ニュースやワイドショー、新聞、雑誌などでひとたび話題になると人々の関心を引き、 株価にも影響を及ぼすこともある、企業のお家騒動。その騒乱の行方はどうなったので あろうか。これまでに起きた注目の企業のお家騒動をまとめてみた。今回は、2015年に創業者が亡くなった大戸屋ホールディングス<2705>を取り上げる。

創業者の死去により、お家騒動が勃発

大戸屋HDは1958年、東京・池袋に「大戸屋食堂」として創業。1983年に法人化し、1990年代の急成長を経て2001年東証JASDAQに上場。2011年には持ち株会社化。国内全域に店舗を構えるほか、積極的に海外展開も行う有数の和定食チェーンとして知られている。  

事の発端は2015年7月、実質的な創業者として会長職の座に就いていた三森久実氏が、57歳の若さで急逝したことだ。余命1か月という肺がん末期の宣告を受けてからも精力的に業務に取り組み、死の2か月前まで海外出張をこなしていたという。久実氏は亡くなる直前に息子である智仁氏(当時26歳)を常務取締役に任命していたが、この時点で入社3年目の智仁氏に特筆すべき実績はなかった。「やがては跡を継がせたい」という願いを込めた人事であったことが伺える。  

久実氏死去後の経営は、血縁的に従兄弟である社長の窪田健一氏に委ねられたが、2016年2月に智仁氏が常務取締役を一身上の都合により辞任。そんな中、大戸屋HDのお家騒動が浮き彫りになったのが、2016年5月。会社側が発表したこれまでの役員を大幅に刷新する人事案に、創業家が反対の意向を示したのだ。

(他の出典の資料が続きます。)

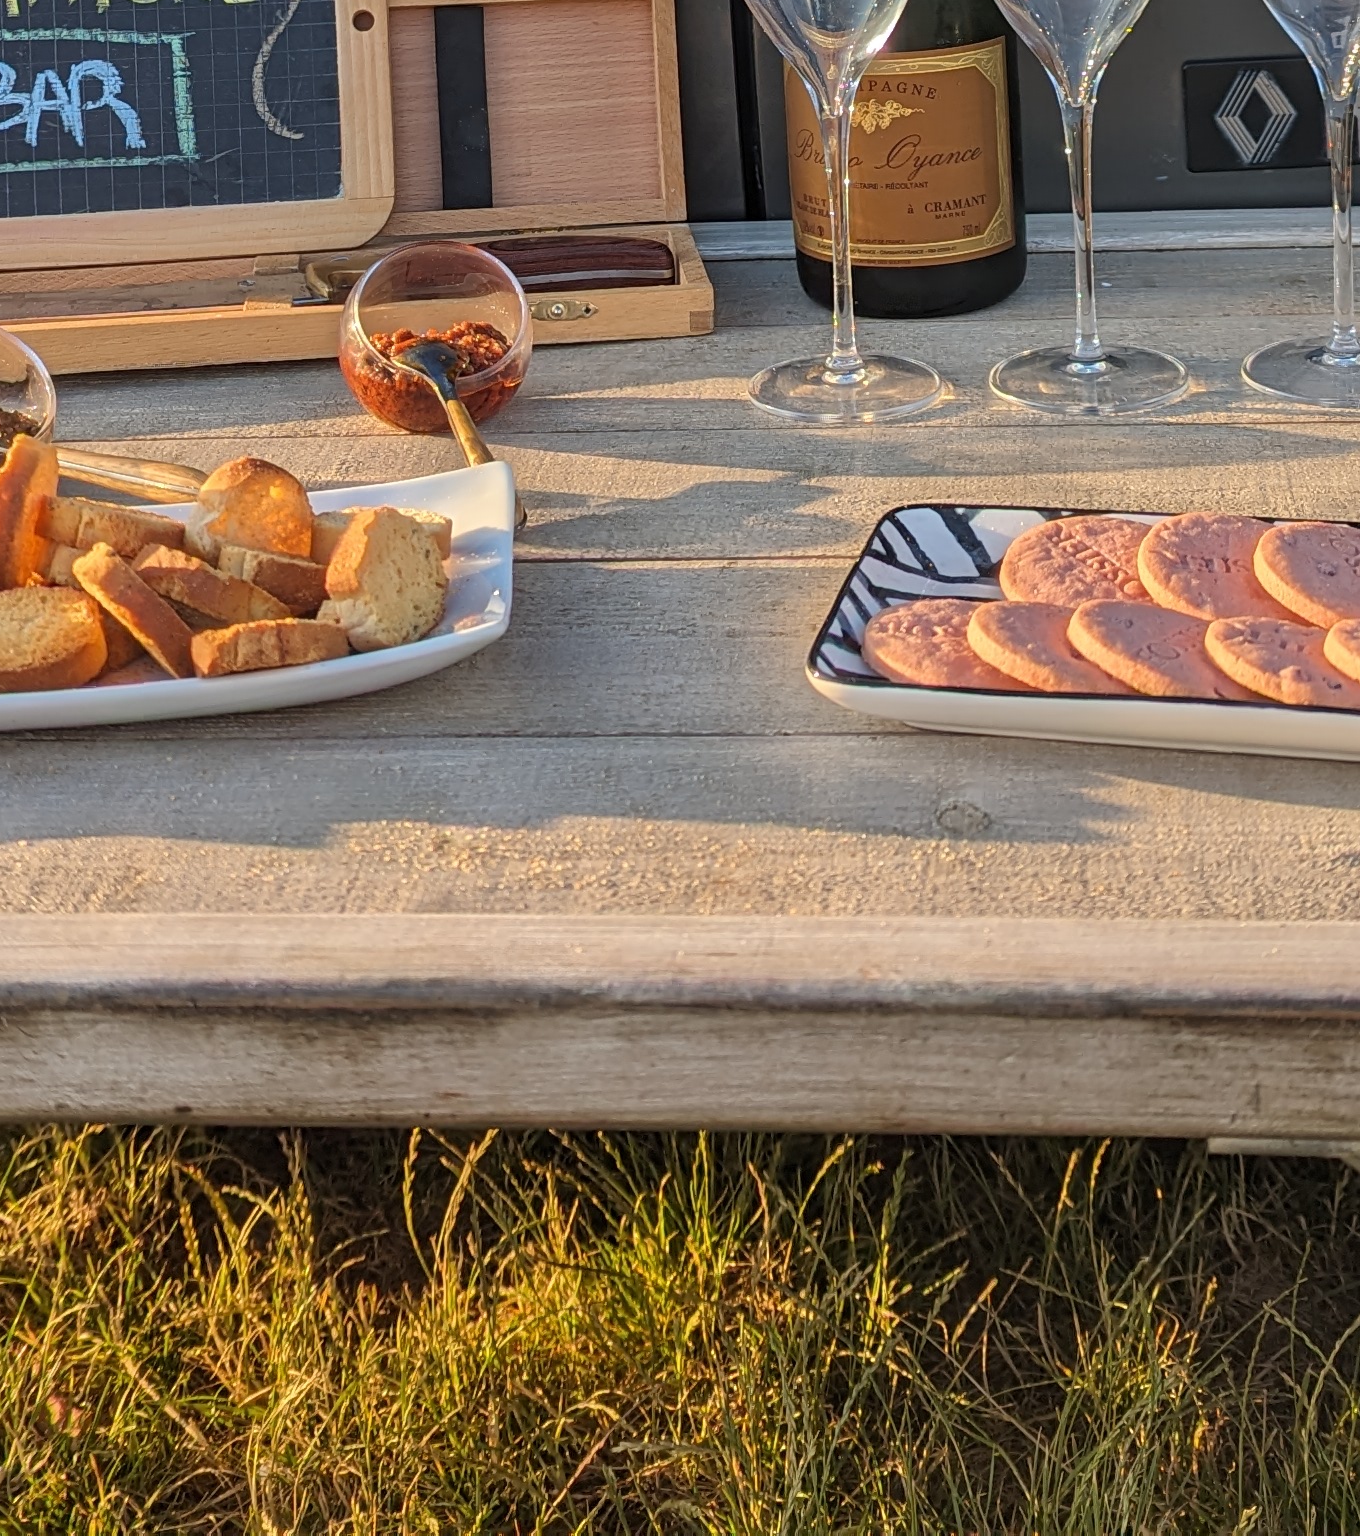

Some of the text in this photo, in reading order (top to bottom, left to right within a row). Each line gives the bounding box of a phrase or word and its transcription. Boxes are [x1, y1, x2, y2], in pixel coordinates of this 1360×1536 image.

注目の中2016年6月に行われた株式総会では、窪田社長より株主に向け、事の顛末について説明があった。「創業家と力を合わせ、大戸屋の発展に尽力していく旨の合意が一旦は取れたものの、数日後に智仁氏よりこれを破棄する旨の通達があった。今後理解を得られるよう働きかけていく」というもの。ちなみにこれに対し2割近い議決権を保有する創業家側は、総会の場で発言することなく沈黙を貫いた。焦点となった人事案は可決。会社側の意向が株主から支持される結果となった。

第三者委員会によって明らかとなった「功労金問題」と「お骨事件」

内紛が続く中、同年8月に会社側が「コンプライアンス第三者委員会」を設置。事態の収束へ向けて原因の調査・究明に乗り出した。10月には第三者委員会による調査報告書が公表。中立性を欠くとの理由から、創業家の協力が得られないまま公表に至った報告書内では、確執の原因について「双方の対応に問題があり、十分な意思疎通を欠いた」と「双方に問題がある」という形で結論づけられている。  

この報告書内で、創業家側が株式譲渡に係る相続税対策のため、功労金の支払いを会社側に求めていたことや、象徴的な事件として社内でも話題になっていたという「お骨事件」の詳細が明らかになった。久実氏の死後、遺骨を持った三枝子未亡人が智仁氏とともに社長室へ乗り込み、窪田氏に詰め寄ったという衝撃的な内容は、記憶に残っている方も多いだろう。 

お家騒動の「現在」は?

2017年6月28日、大戸屋HDの定時株主総会が開催された。当日はお家騒動の大きな争点のひとつである、功労金についても議案として挙げられ、賛成可決した。創業家との合意が取れた上での可決ではないものの、創業家には2億円の功労金が会社側から支払われる予定だ。  

会社側は功労金の支払いにより、長期化しているお家騒動の幕引きを図りたい考えだが、果たして今後の展開はどのようなものになるのだろうか。智仁氏は今回の株主総会を受け、相続税支払いのための融資金額に満たないことから株式売却も検討しているという。  

創業家の株式売却が進めば、自ずと会社経営に関する影響力も弱くなり、企業体系に大きな変革をもたらすことは必至。大戸屋HDのお家騒動は、今後も引き続き注目を集めることになりそうだ。